Reverse bits of a given 32 bits unsigned integer.

Example 1:

Input: n = 00000010100101000001111010011100
Output:    964176192 (00111001011110000010100101000000)
Explanation: The input binary string 00000010100101000001111010011100 represents the unsigned integer 43261596, so return 964176192 which its binary representation is 00111001011110000010100101000000.
Example 2:

Input: n = 11111111111111111111111111111101
Output:   3221225471 (10111111111111111111111111111111)
Explanation: The input binary string 11111111111111111111111111111101 represents the unsigned integer 4294967293, so return 3221225471 which its binary representation is 10111111111111111111111111111111.

Constraints:

The input must be a binary string of length 32.

Solution

public uint ReverseBits(uint n) {
    uint result = 0;
    for (int i = 0; i < 32; i++) {
        result <<= 1;
        if ((n & 1) == 1)
            result++;
        n >>= 1;
    }
    return result;
}

This function works by iterating through the bits of n from right to left. In each iteration, it shifts result to the left to make room for the next bit, and then adds the least significant bit of n to result. It then shifts n to the right to process the next bit. This continues until all bits of n have been processed.

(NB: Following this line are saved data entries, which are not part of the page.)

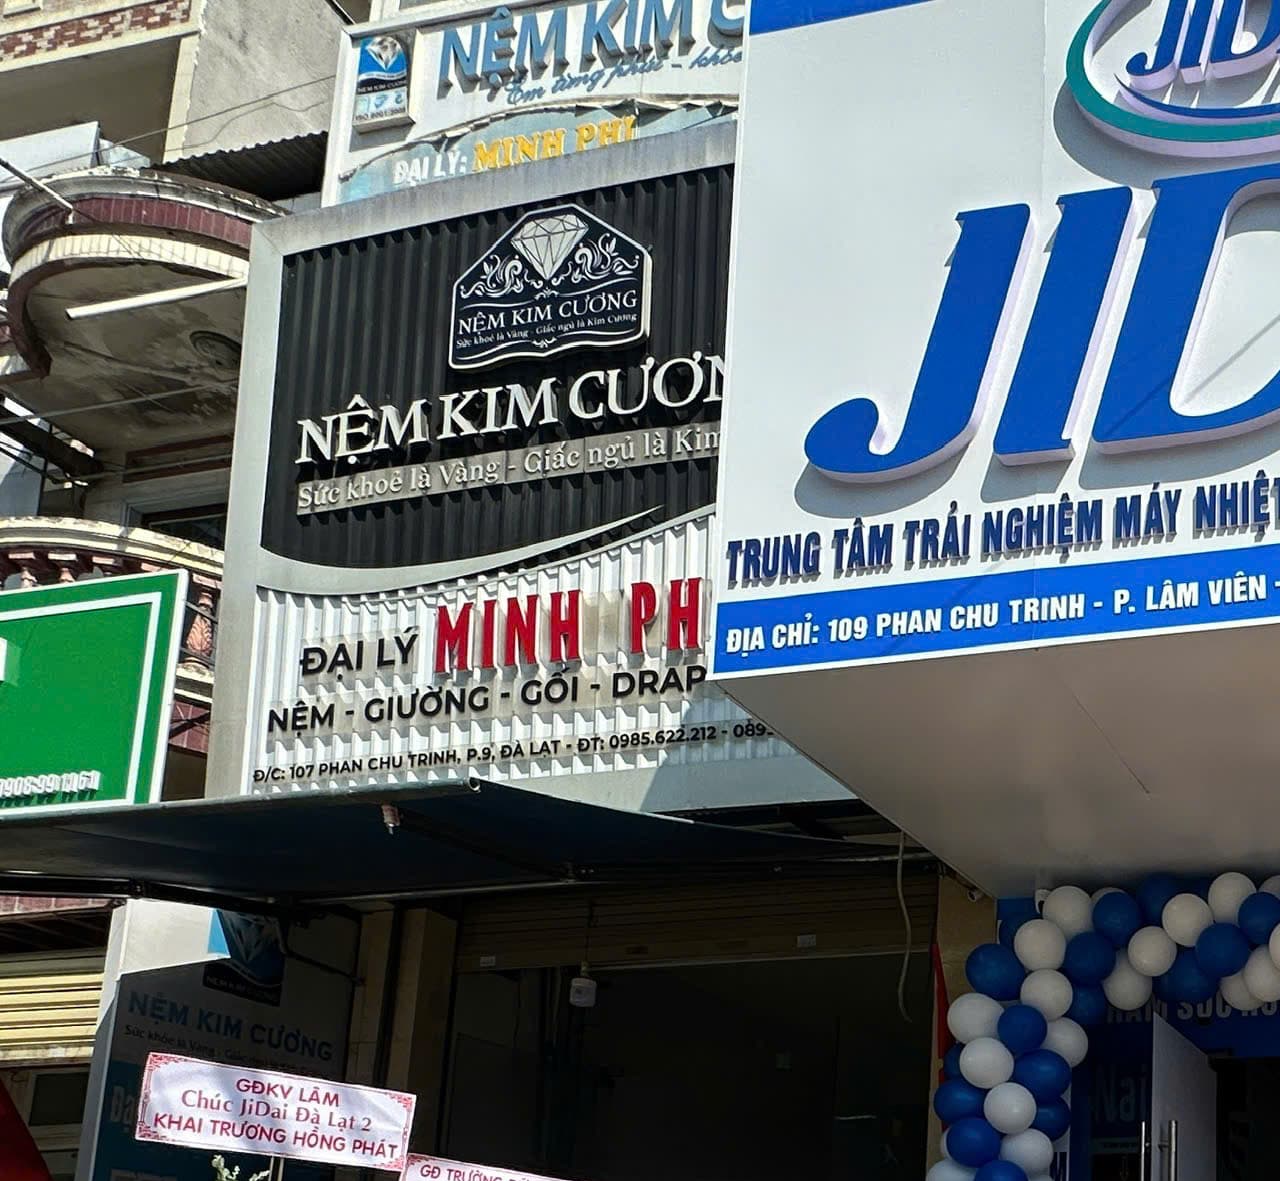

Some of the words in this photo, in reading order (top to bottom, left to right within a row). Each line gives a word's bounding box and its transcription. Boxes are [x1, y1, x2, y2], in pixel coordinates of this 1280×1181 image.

[440, 7, 568, 86] NỆM
[588, 0, 695, 58] KIM
[473, 128, 566, 172] MINH
[458, 312, 505, 335] NỆM
[512, 305, 552, 326] KIM
[559, 290, 638, 318] CƯƠNG
[295, 394, 431, 465] NỆM
[436, 376, 562, 441] KIM
[298, 482, 340, 509] Sức
[410, 464, 431, 491] là
[441, 458, 500, 488] Vàng
[524, 441, 580, 474] Giấc
[588, 437, 635, 467] ngủ
[643, 431, 667, 457] là
[727, 531, 822, 584] TRUNG
[833, 517, 894, 572] TÂM
[905, 500, 972, 564] TRẢI
[983, 493, 1103, 558] NGHIỆM
[1115, 482, 1182, 541] MÁY
[300, 640, 364, 681] ĐẠI
[376, 626, 420, 667] LÝ
[435, 588, 582, 674] MINH
[726, 628, 764, 658] ĐỊA
[771, 613, 819, 648] CHỈ:
[828, 615, 869, 643] 109
[876, 607, 942, 638] PHAN
[950, 602, 999, 630] CHU
[1009, 594, 1085, 624] TRINH
[1113, 589, 1136, 615] P.
[1145, 579, 1199, 612] LÂM
[1208, 571, 1267, 606] VIÊN
[268, 700, 335, 737] NỆM
[364, 684, 490, 723] GIƯỜNG
[521, 666, 578, 706] GỐI
[612, 664, 707, 699] DRAP
[253, 767, 286, 783] Đ/C:
[290, 764, 313, 779] 107
[318, 759, 363, 777] PHAN
[368, 755, 403, 771] CHU
[409, 750, 462, 769] TRINH,
[467, 748, 496, 762] P.9,
[501, 740, 525, 759] ĐÀ
[530, 739, 561, 760] LẠT
[577, 736, 605, 754] ĐT:
[609, 725, 717, 749] 0985.622.212
[181, 1089, 235, 1113] Chúc
[239, 1099, 289, 1120] JiDai
[295, 1106, 321, 1126] Đà
[328, 1112, 356, 1131] Lạt
[360, 1117, 372, 1133] 2
[236, 1078, 293, 1099] GĐKV
[153, 1113, 202, 1134] KHAI
[209, 1119, 287, 1144] TRƯƠNG
[293, 1120, 347, 1153] HỒNG
[351, 1134, 399, 1159] PHÁT
[420, 1164, 441, 1178] GĐ
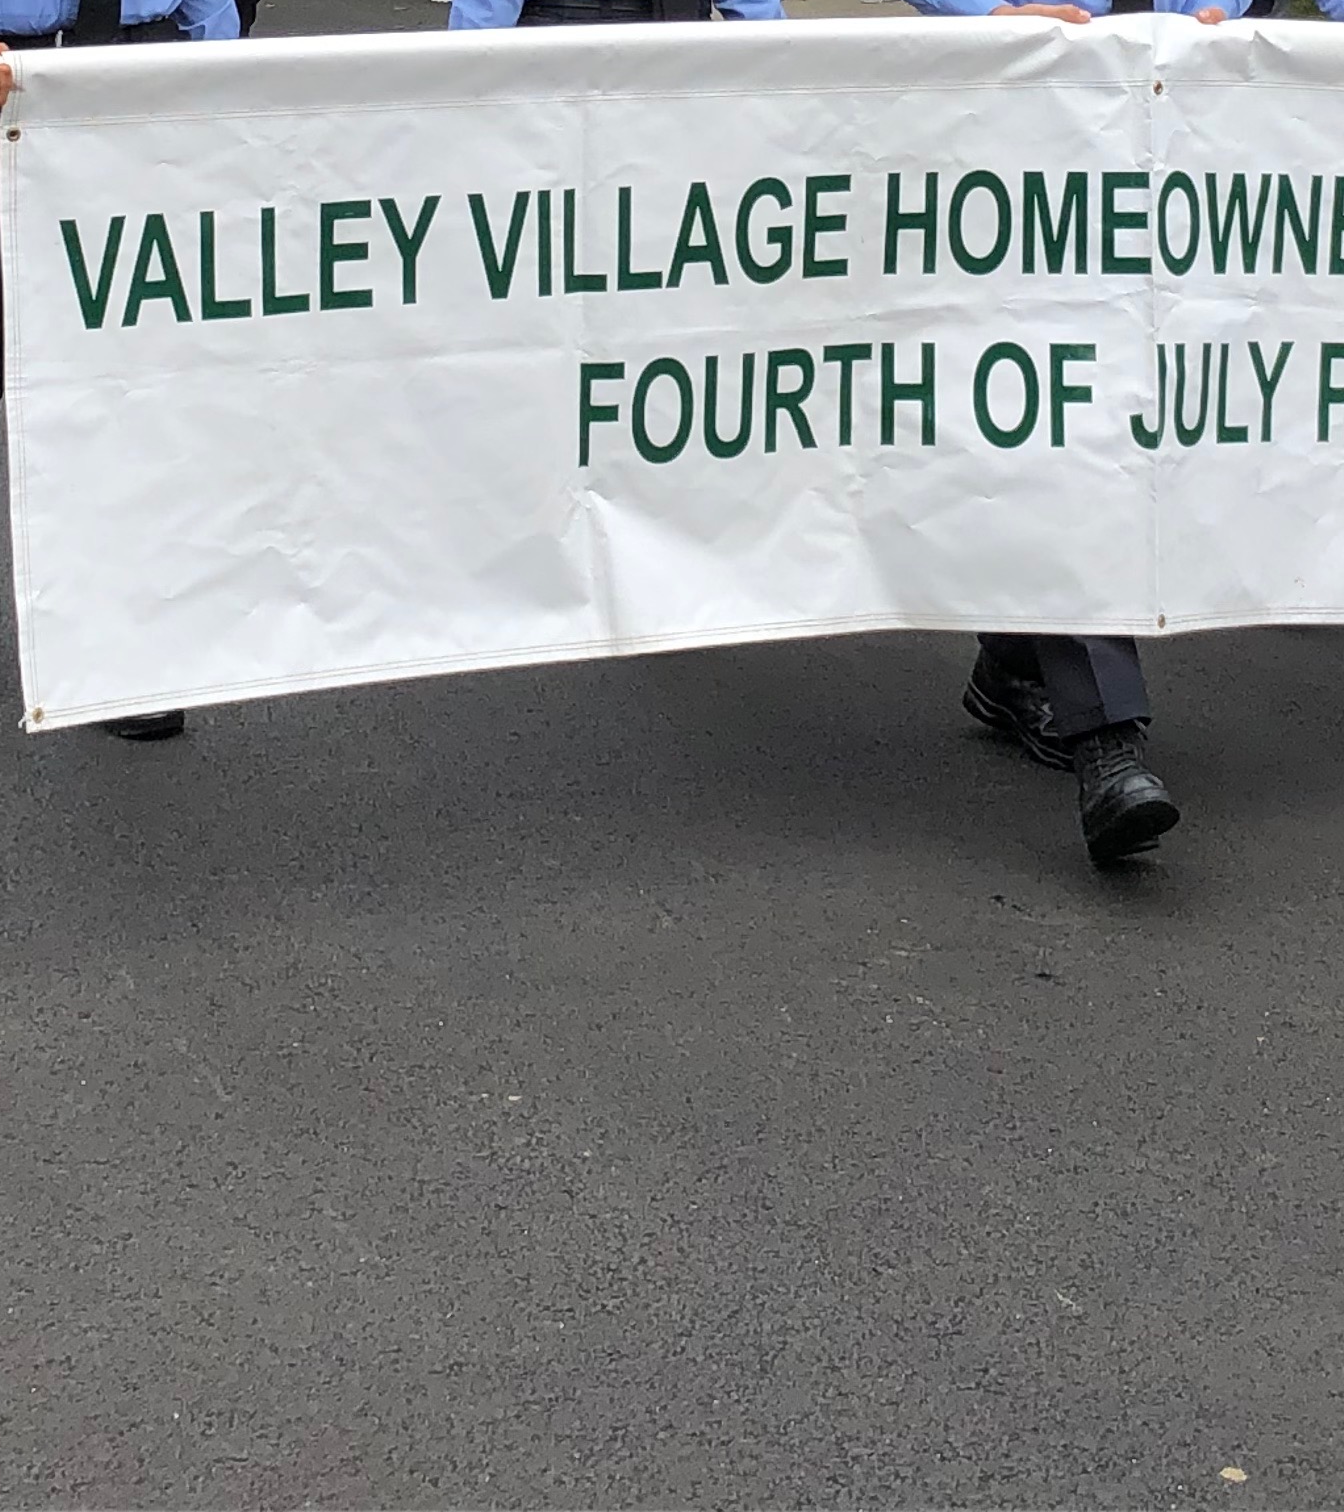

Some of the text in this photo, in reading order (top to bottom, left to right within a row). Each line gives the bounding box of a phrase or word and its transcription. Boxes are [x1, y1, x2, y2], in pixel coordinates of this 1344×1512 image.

[62, 197, 437, 330] VALLEY
[470, 175, 849, 300] VILLAGE
[580, 343, 936, 464] FOURTH
[974, 343, 1095, 449] OF
[1131, 343, 1292, 450] JULY

The time complexity of the algorithm is O(1). This is because the number of iterations of the loop is fixed at 32, regardless of the input.

The space complexity of the algorithm is also O(1), which means it uses a constant amount of space. This is because we’re only using a fixed number of variables and not any data structures that grow with the size of the input. The integer result and the input n are the only variables being used, and their size does not change with different inputs.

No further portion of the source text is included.